* _INPUT_
──────

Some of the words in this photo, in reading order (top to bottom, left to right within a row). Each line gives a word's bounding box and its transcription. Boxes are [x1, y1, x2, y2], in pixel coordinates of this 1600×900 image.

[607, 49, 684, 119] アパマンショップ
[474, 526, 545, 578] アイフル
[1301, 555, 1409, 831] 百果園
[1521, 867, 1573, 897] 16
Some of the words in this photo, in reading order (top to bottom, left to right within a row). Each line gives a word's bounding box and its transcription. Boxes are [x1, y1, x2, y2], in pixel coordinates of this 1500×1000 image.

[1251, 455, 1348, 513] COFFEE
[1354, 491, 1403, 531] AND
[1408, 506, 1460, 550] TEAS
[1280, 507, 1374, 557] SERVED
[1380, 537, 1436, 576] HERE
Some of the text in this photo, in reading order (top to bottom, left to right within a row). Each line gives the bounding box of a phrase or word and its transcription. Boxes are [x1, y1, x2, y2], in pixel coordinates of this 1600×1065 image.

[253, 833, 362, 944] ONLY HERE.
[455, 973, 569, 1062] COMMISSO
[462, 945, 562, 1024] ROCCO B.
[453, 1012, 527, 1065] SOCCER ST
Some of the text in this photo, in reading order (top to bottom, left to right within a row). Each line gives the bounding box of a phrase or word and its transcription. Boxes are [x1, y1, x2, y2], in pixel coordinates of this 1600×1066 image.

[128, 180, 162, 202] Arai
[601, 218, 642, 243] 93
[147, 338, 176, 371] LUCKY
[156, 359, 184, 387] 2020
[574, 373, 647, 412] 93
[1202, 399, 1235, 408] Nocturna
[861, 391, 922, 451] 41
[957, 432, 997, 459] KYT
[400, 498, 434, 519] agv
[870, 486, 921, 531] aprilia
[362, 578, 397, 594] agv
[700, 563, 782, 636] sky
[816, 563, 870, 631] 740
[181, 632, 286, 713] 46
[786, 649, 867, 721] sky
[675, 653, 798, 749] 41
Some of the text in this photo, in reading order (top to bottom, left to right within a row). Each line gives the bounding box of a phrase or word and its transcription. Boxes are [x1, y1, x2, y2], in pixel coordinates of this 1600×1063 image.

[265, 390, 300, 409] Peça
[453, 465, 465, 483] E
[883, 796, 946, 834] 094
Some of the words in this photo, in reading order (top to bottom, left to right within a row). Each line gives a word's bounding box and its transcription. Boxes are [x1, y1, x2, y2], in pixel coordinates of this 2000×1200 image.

──────

* _TASK OBJECTIVE_
Transcribe the whole listing above, keeping each line exactly as written.

* _EXERCISE OUTPUT_
Some of the words in this photo, in reading order (top to bottom, left to right within a row). Each line gives a word's bounding box and its transcription. Boxes are [x1, y1, x2, y2], in pixel coordinates of this 1600×900 image.

[607, 49, 684, 119] アパマンショップ
[474, 526, 545, 578] アイフル
[1301, 555, 1409, 831] 百果園
[1521, 867, 1573, 897] 16
Some of the words in this photo, in reading order (top to bottom, left to right within a row). Each line gives a word's bounding box and its transcription. Boxes are [x1, y1, x2, y2], in pixel coordinates of this 1500×1000 image.

[1251, 455, 1348, 513] COFFEE
[1354, 491, 1403, 531] AND
[1408, 506, 1460, 550] TEAS
[1280, 507, 1374, 557] SERVED
[1380, 537, 1436, 576] HERE
Some of the text in this photo, in reading order (top to bottom, left to right within a row). Each line gives the bounding box of a phrase or word and its transcription. Boxes are [x1, y1, x2, y2], in pixel coordinates of this 1600×1065 image.

[253, 833, 362, 944] ONLY HERE.
[455, 973, 569, 1062] COMMISSO
[462, 945, 562, 1024] ROCCO B.
[453, 1012, 527, 1065] SOCCER ST
Some of the text in this photo, in reading order (top to bottom, left to right within a row). Each line gives the bounding box of a phrase or word and its transcription. Boxes are [x1, y1, x2, y2], in pixel coordinates of this 1600×1066 image.

[128, 180, 162, 202] Arai
[601, 218, 642, 243] 93
[147, 338, 176, 371] LUCKY
[156, 359, 184, 387] 2020
[574, 373, 647, 412] 93
[1202, 399, 1235, 408] Nocturna
[861, 391, 922, 451] 41
[957, 432, 997, 459] KYT
[400, 498, 434, 519] agv
[870, 486, 921, 531] aprilia
[362, 578, 397, 594] agv
[700, 563, 782, 636] sky
[816, 563, 870, 631] 740
[181, 632, 286, 713] 46
[786, 649, 867, 721] sky
[675, 653, 798, 749] 41
Some of the text in this photo, in reading order (top to bottom, left to right within a row). Each line gives the bounding box of a phrase or word and its transcription. Boxes are [x1, y1, x2, y2], in pixel coordinates of this 1600×1063 image.

[265, 390, 300, 409] Peça
[453, 465, 465, 483] E
[883, 796, 946, 834] 094
Some of the words in this photo, in reading order (top to bottom, left to right within a row). Each line gives a word's bounding box and its transcription. Boxes are [x1, y1, x2, y2], in pixel coordinates of this 2000×1200 image.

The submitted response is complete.